Dans le Temps du 23 mai était glissé le programme du Théâtre de Vidy (67 pages bien tassées).

Tout commence par une mise en condition. Visiblement, M. Vincent Baudriller, directeur, est Charlie:

Force est de constater que l’intolérance semble être à nouveau une valeur politique et idéologique en hausse. Certes, les mobilisations qui ont suivi les attentats de Paris, Copenhague et Tunis ont rappelé récemment (et brièvement?) les idéaux du vivre-ensemble par–delà les différences. Mais ceux-ci sont mis à mal par la montée des mouvements populistes et xénophobes en Europe et les violences meurtrières des intégrismes religieux.

Vincent expédie aussitôt les ordres de marche. Une foule de performeurs est convoquée à la rescousse, car les enjeux de notre rencontre avec l’autre se rappellent à nous avec une criante nécessité.

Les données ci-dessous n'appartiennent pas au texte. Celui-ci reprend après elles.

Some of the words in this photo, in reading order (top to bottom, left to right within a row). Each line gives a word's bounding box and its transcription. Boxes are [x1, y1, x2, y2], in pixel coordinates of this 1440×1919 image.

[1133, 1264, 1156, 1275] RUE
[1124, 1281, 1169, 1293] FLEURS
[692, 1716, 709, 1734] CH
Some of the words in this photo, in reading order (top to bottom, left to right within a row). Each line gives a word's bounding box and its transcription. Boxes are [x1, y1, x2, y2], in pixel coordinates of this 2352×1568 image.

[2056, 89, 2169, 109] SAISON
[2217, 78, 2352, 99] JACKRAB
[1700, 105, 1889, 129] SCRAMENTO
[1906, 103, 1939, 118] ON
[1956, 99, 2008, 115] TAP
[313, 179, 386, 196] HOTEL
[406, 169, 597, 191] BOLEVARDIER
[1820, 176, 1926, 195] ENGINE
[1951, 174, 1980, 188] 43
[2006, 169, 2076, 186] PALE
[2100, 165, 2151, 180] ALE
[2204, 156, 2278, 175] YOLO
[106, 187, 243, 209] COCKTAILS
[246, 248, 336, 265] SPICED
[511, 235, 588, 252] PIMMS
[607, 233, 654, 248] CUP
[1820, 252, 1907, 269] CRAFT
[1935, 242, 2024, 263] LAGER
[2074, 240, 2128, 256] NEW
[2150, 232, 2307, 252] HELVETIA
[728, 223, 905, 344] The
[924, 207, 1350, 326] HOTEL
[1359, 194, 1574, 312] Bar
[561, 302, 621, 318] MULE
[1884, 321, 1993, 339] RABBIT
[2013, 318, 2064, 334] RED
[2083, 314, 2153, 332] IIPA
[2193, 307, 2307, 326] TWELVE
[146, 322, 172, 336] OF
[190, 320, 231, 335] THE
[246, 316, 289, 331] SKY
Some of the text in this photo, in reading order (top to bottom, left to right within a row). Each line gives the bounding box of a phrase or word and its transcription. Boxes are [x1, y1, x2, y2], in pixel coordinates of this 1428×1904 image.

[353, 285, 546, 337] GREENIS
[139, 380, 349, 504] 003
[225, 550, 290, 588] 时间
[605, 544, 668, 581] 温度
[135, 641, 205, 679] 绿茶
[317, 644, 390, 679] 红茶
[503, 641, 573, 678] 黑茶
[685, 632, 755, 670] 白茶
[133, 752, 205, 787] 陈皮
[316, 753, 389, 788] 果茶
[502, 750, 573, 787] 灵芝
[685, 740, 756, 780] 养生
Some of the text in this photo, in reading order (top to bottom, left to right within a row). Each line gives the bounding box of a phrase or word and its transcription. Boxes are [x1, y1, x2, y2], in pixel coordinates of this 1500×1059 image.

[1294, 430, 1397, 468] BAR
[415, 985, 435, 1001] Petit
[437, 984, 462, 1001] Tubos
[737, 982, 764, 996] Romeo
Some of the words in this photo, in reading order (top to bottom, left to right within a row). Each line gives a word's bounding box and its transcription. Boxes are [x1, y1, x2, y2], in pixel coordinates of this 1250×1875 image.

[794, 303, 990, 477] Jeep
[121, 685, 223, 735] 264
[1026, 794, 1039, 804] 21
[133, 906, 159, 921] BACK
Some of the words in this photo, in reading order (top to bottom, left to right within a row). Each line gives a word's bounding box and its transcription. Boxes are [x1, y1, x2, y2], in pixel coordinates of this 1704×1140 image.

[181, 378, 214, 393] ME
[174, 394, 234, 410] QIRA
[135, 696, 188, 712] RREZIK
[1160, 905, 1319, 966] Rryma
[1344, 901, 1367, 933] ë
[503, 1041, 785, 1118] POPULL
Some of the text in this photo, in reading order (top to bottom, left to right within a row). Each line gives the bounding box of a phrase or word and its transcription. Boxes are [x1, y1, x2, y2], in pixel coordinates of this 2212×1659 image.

La rebellitude subventionnée se dresse.

Elle saisira la bête immonde par les serpents qui lui servent de cheveux.

* * *

Frank Van Laecke et Alain Patel vont donc raconter la solitude d’un tromboniste âgé qui souffre de ne plus pouvoir jouer de son instrument. Frank Van Laecke a déjà monté «Regarde maman, je danse », un monologue en collaboration avec la transsexuelle Vanessa van Durme. La danse-théâtre d’Alain Patel, ancrée dans la solidarité, accueille sur scène toutes sortes de faiblesses psychiques ou sociales, de marginalités, pour en tirer de la beauté.

Simon Mc Burney et sa troupe Complicite jouent «the Encounter»: Les membres de Complicite sont des contrebandiers qui ignorent les frontières, ou du moins qui les franchissent sans documents officiels.

Karim Bel Kacem et ses collaborateurs ont construit une boîte dans laquelle sont enfermés des comédiens que les spectateurs observent de l’extérieur et entendent grâce à des casques audio. Karim Bel Kacem met en scène «Anéantis», première pièce de Sarah Kane, dramaturge anglaise surdouée, qui s’est suicidée à l’âge de 28 ans. Ecrite au moment de la guerre en Bosnie, «Anéantis» a fait l’effet d’une bombe en 1995: on bascule d’un coup de l’intimité dramatique d’un couple à une insoutenable scène de guerre. Le style de Sarah Kane est extraordinaire: elle a coupé, coupé et encore coupé dans son texte pour exprimer des situations de violence pure.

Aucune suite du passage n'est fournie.